Pode parecer um anátema para os torcedores ingleses, mas a equipe de Thomas Tuchel teria que desacelerar o jogo e dar um impulso ao México. Esta não é a ocasião para se sentir tentado por um jogo de basquete, especialmente dada a altitude que esgota a energia. Um jogo pára-arranca seria mais adequado para a Inglaterra do que para os anfitriões. Isto também se aplica a longos períodos de posse, mesmo que produzam um produto final pouco óbvio. Se conseguirem marcar o primeiro gol, isso colocará o México e seus quase 80 mil torcedores diante de um dilema que raramente enfrentam no mercado interno. A Inglaterra deve se concentrar em ser a convidada mais difícil possível – especialmente se, como noticiou a mídia local, a partida for transferida para domingo, ao meio-dia, horário local.
Pare as transições
A estreia do México contra o Equador foi uma lição prática de como eles poderiam prejudicar a Inglaterra.
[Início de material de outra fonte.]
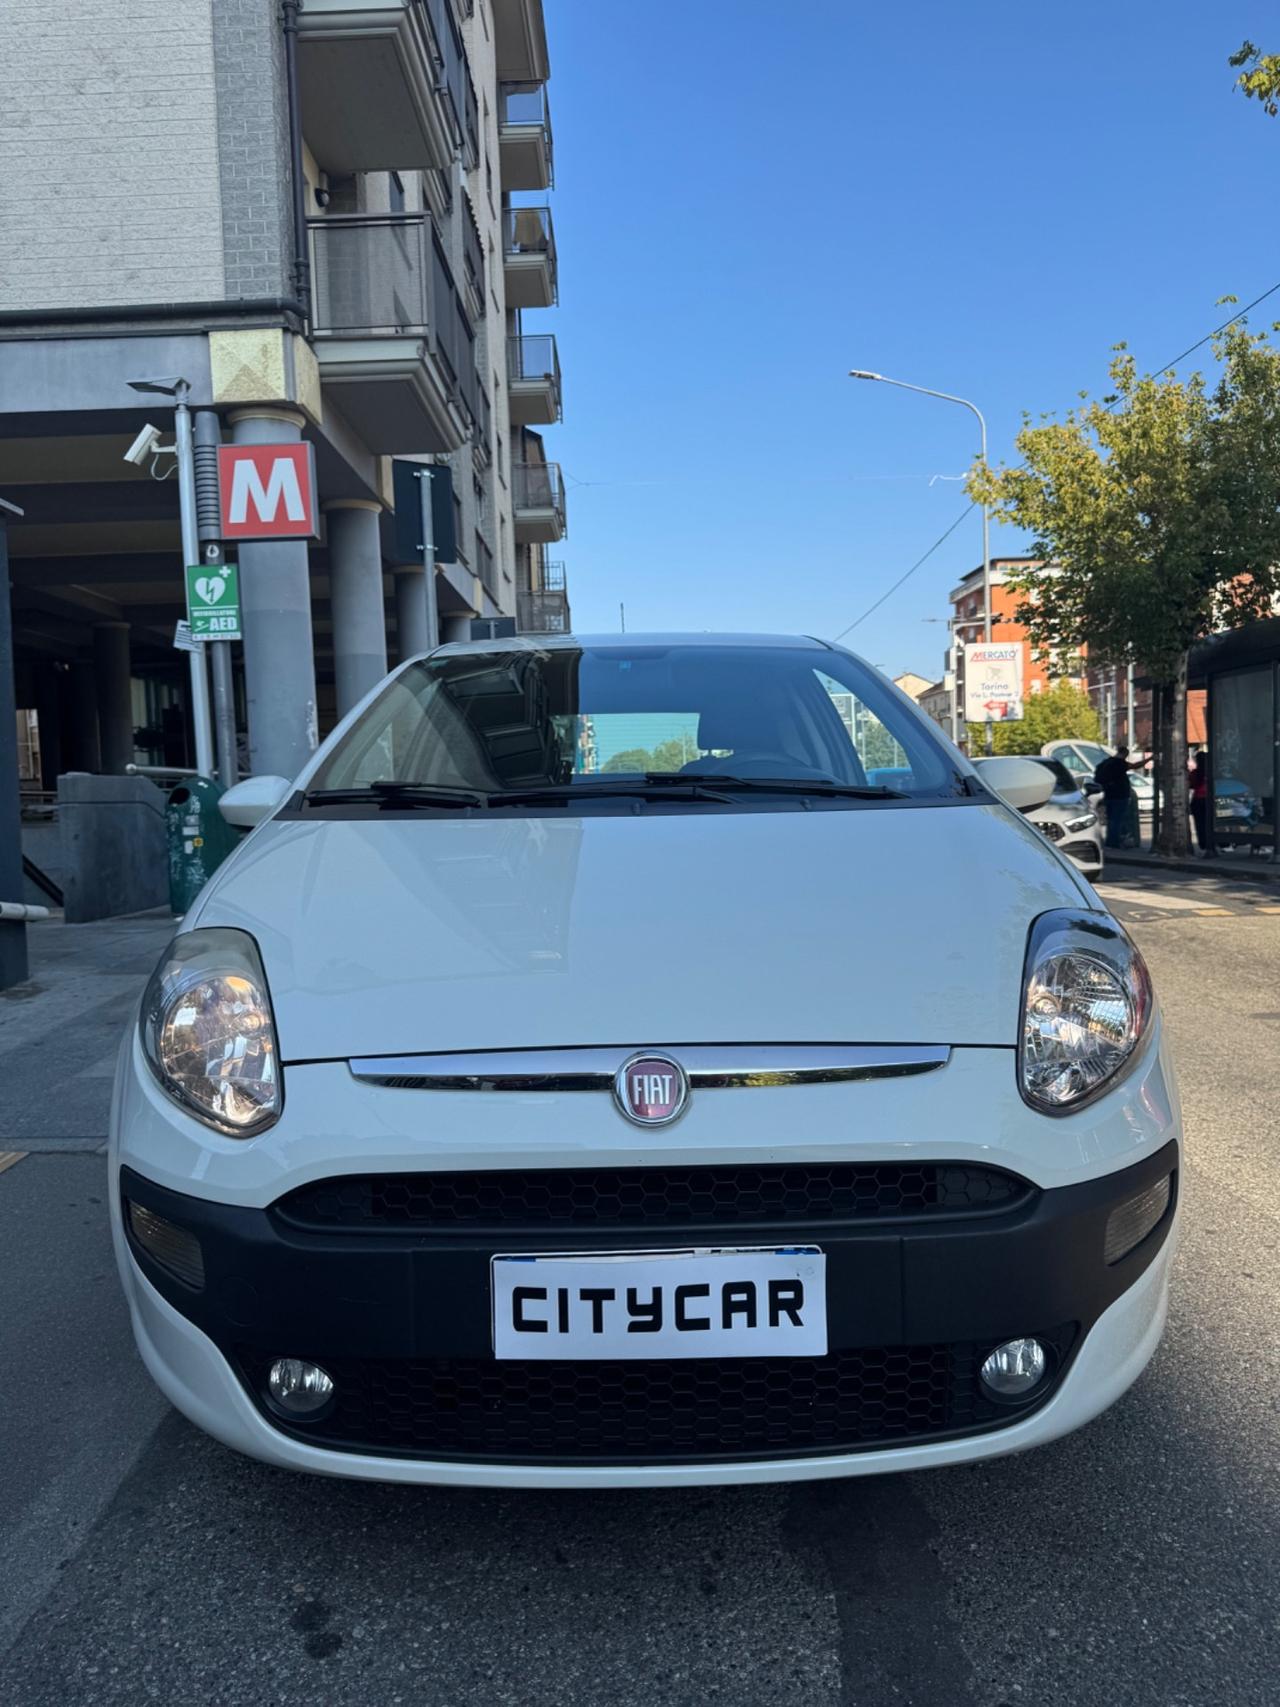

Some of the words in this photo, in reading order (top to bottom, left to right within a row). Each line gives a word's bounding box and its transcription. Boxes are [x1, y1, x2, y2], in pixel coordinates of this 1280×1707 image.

Apanhou os visitantes em transição, com o lateral-esquerdo Jesús Gallardo a fazer um belo passe que deu a Quiñones, a correr do seu meio-campo, a liberdade de campo. Seus atacantes, Quiñones e Alvarado, são jogadores inteligentes que não precisam de convite para explorar o espaço. O mercúrio Quiñones, em particular, adora chutar e tem um recorde surpreendente de gols para o Al-Qadsiah na Saudi Pro League. Gallardo e Sánchez, lateral-direito, gostam de bombar no apoio. A melhor oportunidade da Inglaterra para frustrar o México é intervir, deixar a equipa da casa jogar por eles e procurar os seus próprios contra-ataques. Colocar muitos corpos em campo e deixá-los expostos faria o jogo de Aguirre, o astuto técnico do México.